ENTRIES SHOWN Block Start
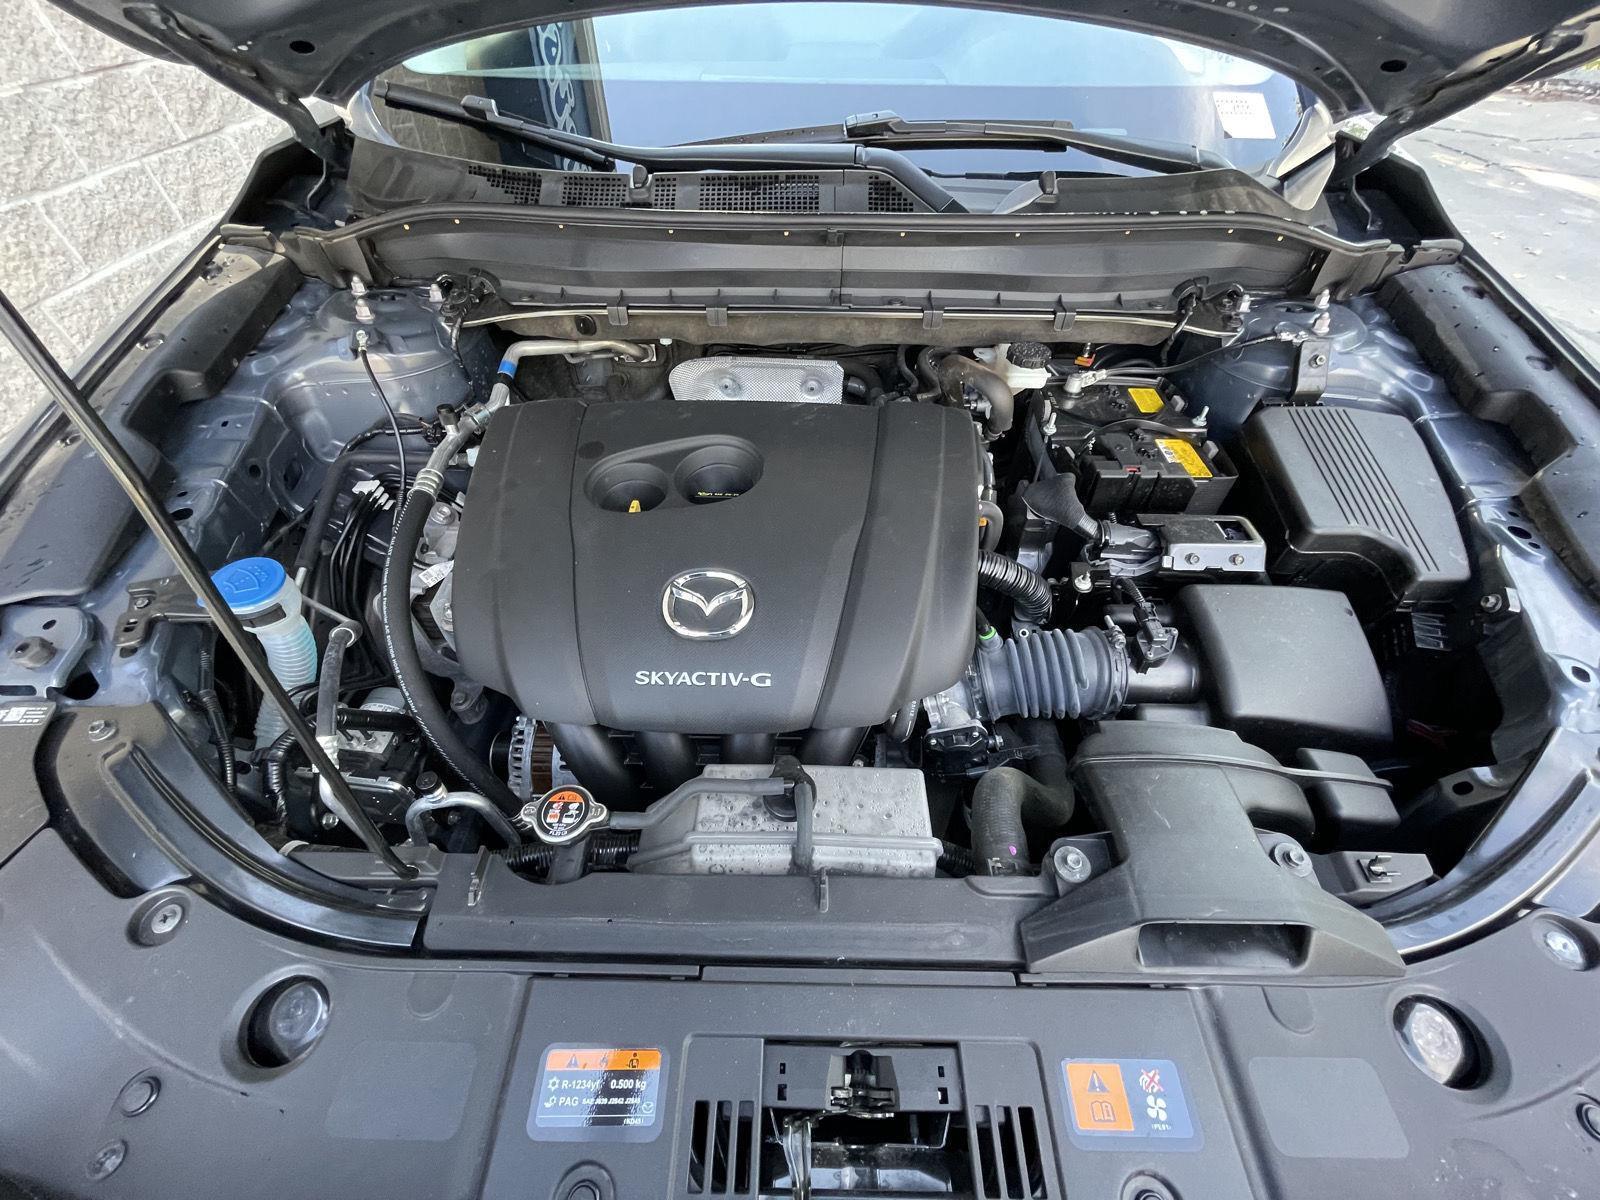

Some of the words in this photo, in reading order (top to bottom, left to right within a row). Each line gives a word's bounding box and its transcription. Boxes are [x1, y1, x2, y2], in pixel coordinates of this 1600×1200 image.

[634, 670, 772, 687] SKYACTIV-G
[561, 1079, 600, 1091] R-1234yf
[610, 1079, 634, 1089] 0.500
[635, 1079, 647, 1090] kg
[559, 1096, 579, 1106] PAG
ENTRIES SHOWN Block End
- **WHAT TO PRODUCE**
Skip the images and set down the rest of the data unchanged.

- **REPLY**
Some of the words in this photo, in reading order (top to bottom, left to right within a row). Each line gives a word's bounding box and its transcription. Boxes are [x1, y1, x2, y2], in pixel coordinates of this 1600×1200 image.

[634, 670, 772, 687] SKYACTIV-G
[561, 1079, 600, 1091] R-1234yf
[610, 1079, 634, 1089] 0.500
[635, 1079, 647, 1090] kg
[559, 1096, 579, 1106] PAG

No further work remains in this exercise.